Pode ser até uma tecnicalidade com é relevante lembrar que o acordo foi assinado entre a República Federativa do Brasil e a Santa Sé, ou seja, um acordo entre dois Estados soberanos. Portanto acordo celebrado por entes capazes, assinados por plenipotenciários.
A Constituição Federal deixa claro que o Brasil é um estado laico, o que não corresponde em ser um Estado anti-religioso, já que a mesma Carta Magna em concordância com a Declaração Internacional dos Direitos Humanos reconhece o legítimo Direito Humano a liberdade de culto (e de apostasia) incluso culto público. A lei, também não proíbe a cooperação entre o Estado e entidades religiosas em vários casos como permitir assistência religiosa as Forças Armadas, aos detentos e cooperação, também, em obras assistenciais de caridade, por exemplo. Assim pode-se afirmar que o objeto do acordo é possível e legal.
Seguindo a trâmite normal em Tratados o mesmo foi enviado para apreciação do Congresso Nacional para sua ratificação nesse processo o tratado é escrutinado pela opinião pública e em especial pelos membros da Comissão de Relações Exteriores e Defesa Nacional do Senado Federal. Ao proceder assim e aprovado como foi o acordo é publicado, dando conta da exigência legal de transparência nos atos públicos. E como acordado nesse caso concreto o referido acordo entra em plena vigência ao se trocarem os instrumentos de ratificação.
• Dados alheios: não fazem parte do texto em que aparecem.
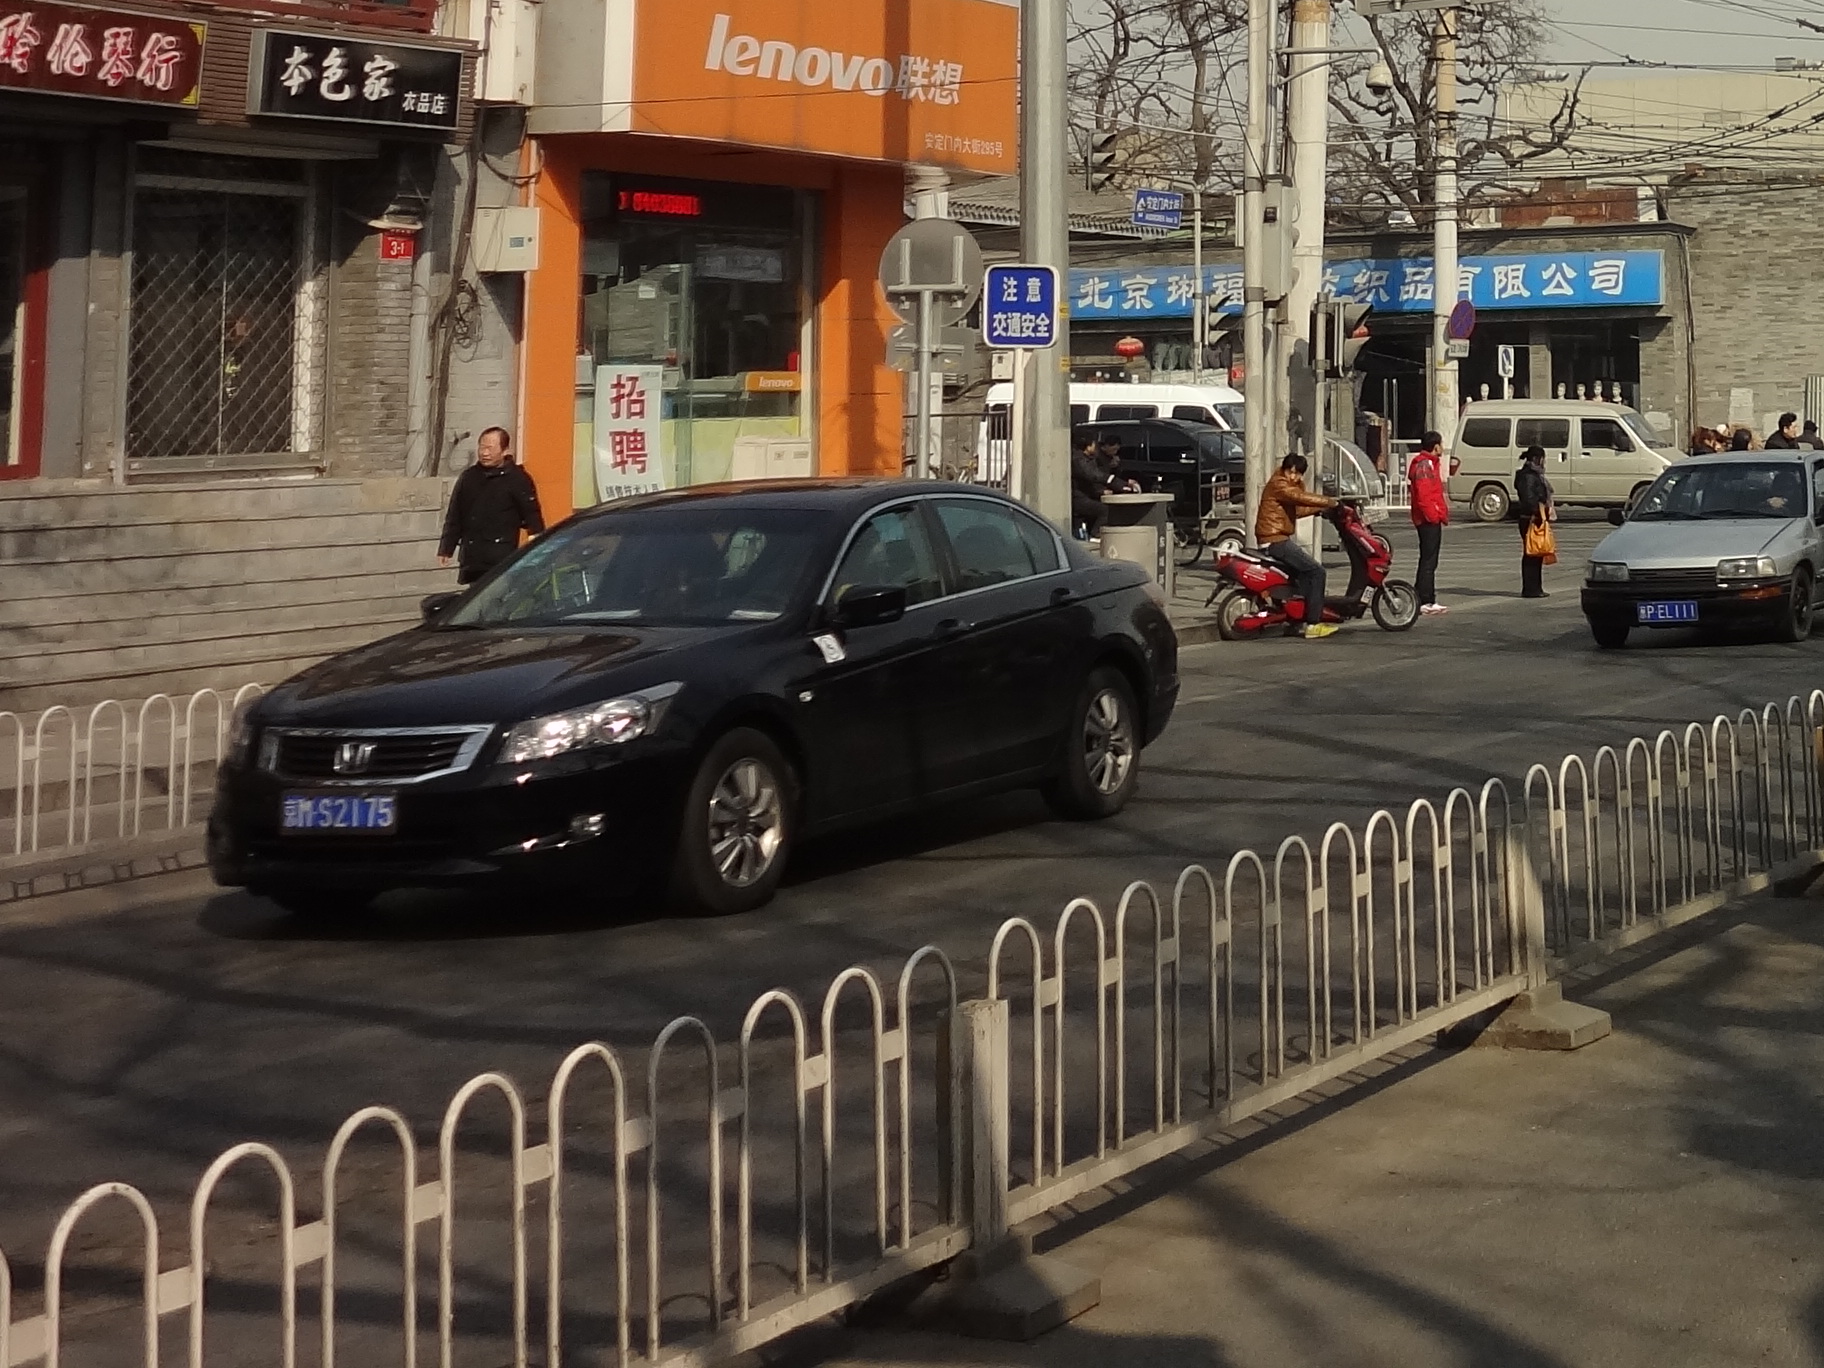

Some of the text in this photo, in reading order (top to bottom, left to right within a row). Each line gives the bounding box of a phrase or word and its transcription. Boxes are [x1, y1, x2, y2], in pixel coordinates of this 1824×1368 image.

Em bom “juridiquês” a luz do que foi elencado acima tem-se um ato jurídico perfeito, mas claro a controvérsia midiática se concentra no ensino religioso como se isso fosse algo ilegal o que anularia, obviamente o acordo por que perderia essa condição de ato jurídico perfeito.
A matéria citada trás em si o elemento que encerra esse debate por que segundo o professor de direito constitucional consultado não há na lei brasileira qualquer tipo de proibição ao ensino religioso de caráter opcional em escolas públicas.
O artigo que trata da tal consolidação do ensino religioso diz apenas que em caso de adoção de ensino religioso será resguardado o ensino católico sem prejuízo a diversidade cultural e religiosa brasileira. Assim não há preferência ao ensino católico apenas um compromisso do Brasil que em adotando o ensino religioso não excluirá o ensino católico.
O resto do tratado versa sobre questões de reconhecimento e proteção aos símbolos e templos católicos, bem como a patrimônio cultural (as igrejas de Ouro Preto e Salvador, por exemplo), que mesmo pertencente e sob guarda da Igreja tem também status de patrimônio cultural brasileiro (algo como garante o respeito a Igreja, e se garante que a mesma dará acesso a turistas ou pesquisadores a depender do caso e ressalvo nos termos da lei brasileira).
Poder-se-ia achar muito mais polêmico, a meu ver, o artigo 13 do referido acordo que reitera o direito do sigilo profissional dos sacerdotes em especial o sigilo de confissão. De todo jeito esse é um dos muitos exemplos que podemos dar de que às vezes a imprensa polemiza sobre o nada ainda mais em assuntos internacionais. Sem contar certo sentimento e pensamento anti-religioso por parte de alguns jornalistas.
A controvérsia capenga que esse acordo gera e o título da reportagem lembraram-me imediatamente dos versos de Cazuza que dão título a esse texto. Os convido a ler o tratado (aqui) e usando a boa e velha hermenêutica o analisarem.